‘It’s such a drag!’ Assessing the impact of air quality and post pandemic views and opinions regarding the future of smoking in Liverpool’s outdoor hospitality venues


  • Rachel O’Riordan


Air Quality, Smoking and Hospitality, Pavement Licences, Mixed Methods, Smoking Outside


Background: The aim of this research is to determine if a smoke free pavement licence would be appropriate to introduce in Liverpool. Whilst the original pavement licence does not require pavements to-be smoke free, some councils in the UK have imposed a smoke free condition within all pavement licences.

Methods: To determine if it is appropriate for Liverpool to introduce this condition this study will utilise a multi-method approach to data collection, essentially two mini studies coming together to answer the research aims. The first aim focuses predominantly on the attitudes and opinions of residents in Liverpool, collected through online questionnaires. The second aim to see if smoking outdoors effects general air quality, to assess this air quality readings were taken outside of hospitality venues with and without the presence of smokers.

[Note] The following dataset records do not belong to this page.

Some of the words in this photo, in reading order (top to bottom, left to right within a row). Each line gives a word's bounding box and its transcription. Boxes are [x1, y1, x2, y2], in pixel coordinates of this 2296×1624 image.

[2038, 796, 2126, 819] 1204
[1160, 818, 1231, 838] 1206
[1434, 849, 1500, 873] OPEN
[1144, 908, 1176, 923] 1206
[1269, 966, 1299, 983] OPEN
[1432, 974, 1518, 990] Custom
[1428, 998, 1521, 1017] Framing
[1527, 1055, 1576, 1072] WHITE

Results: After the analysis of both questionnaires and air quality data, the findings were merged to identify if the levels of air quality alongside public attitudes are enough to support the need for policy change in Liverpool’s pavement licence permits. The questionnaire results were varied, those against a smoke free pavement licence were concerned about enforcement, freedom, and compliance. Whilst those in favour believed that non-smokers should not be exposed to the harmful smoke and be subject to second hand smoke (SHS). It was evidenced from the air quality monitoring, that smoking outside does not cause detrimental impacts on general air quality as the readings taken did not exceed the WHO (2021) guidelines. However, PM2.5 was detected at all locations.

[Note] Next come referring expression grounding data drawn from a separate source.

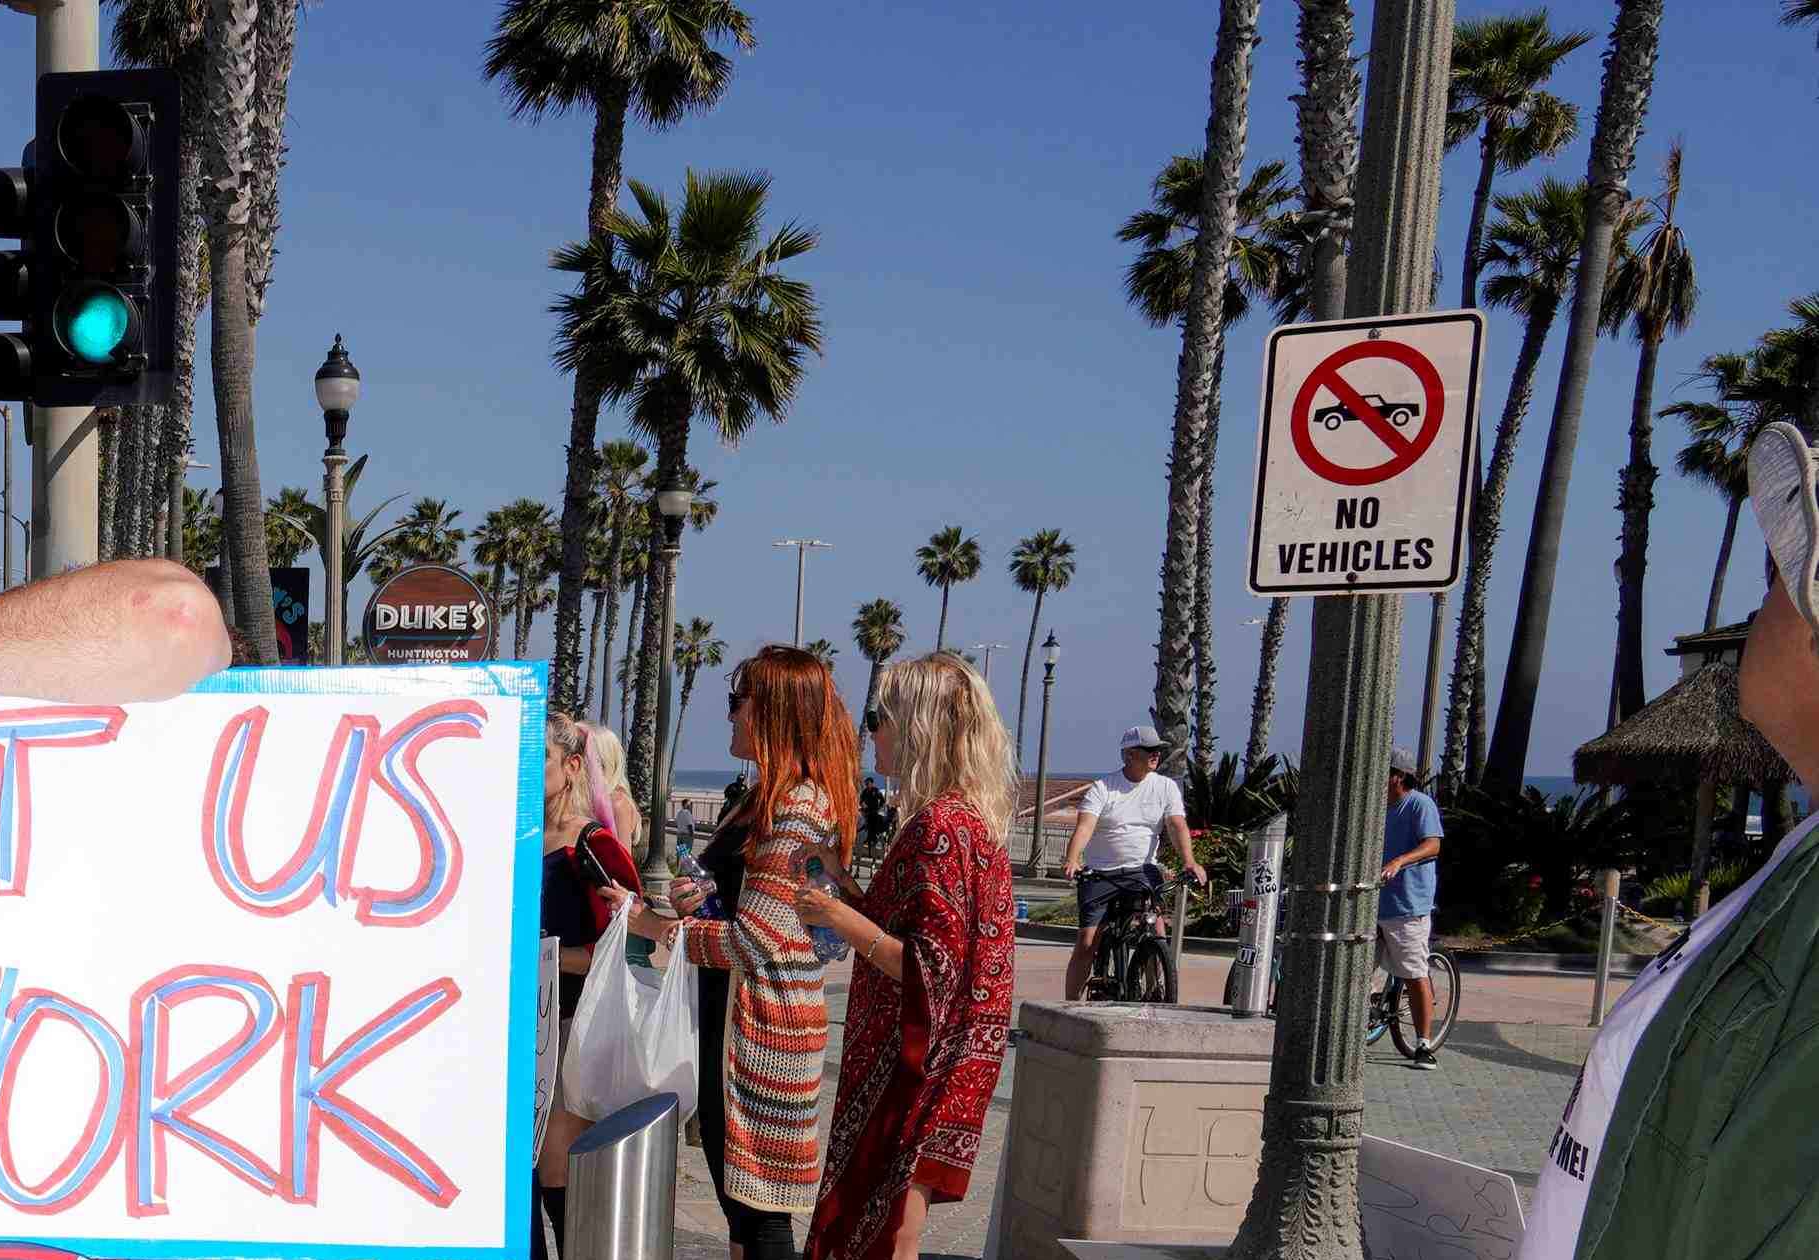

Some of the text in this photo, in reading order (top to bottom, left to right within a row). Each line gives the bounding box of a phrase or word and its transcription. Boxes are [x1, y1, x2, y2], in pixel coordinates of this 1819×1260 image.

[1335, 497, 1380, 530] NO
[1278, 537, 1434, 574] VEHICLES
[375, 600, 487, 631] DUKE'S
[387, 649, 469, 659] HUNTINGTON
[201, 699, 489, 928] US

Conclusion: Finally, this research has concluded that a smoke-free condition would only work in Liverpool if it was introduced nationwide. Extending the condition nationally would help ensure compliance so that Liverpool did not feel it was being singled out. The benefit of smoke free pavement licences would reduce smoking normalisation, SHS exposure and improve cessation rates which would help improve population health for all and thereby continue on the journey which started in 1964 to reduce the harmful impacts of smoking.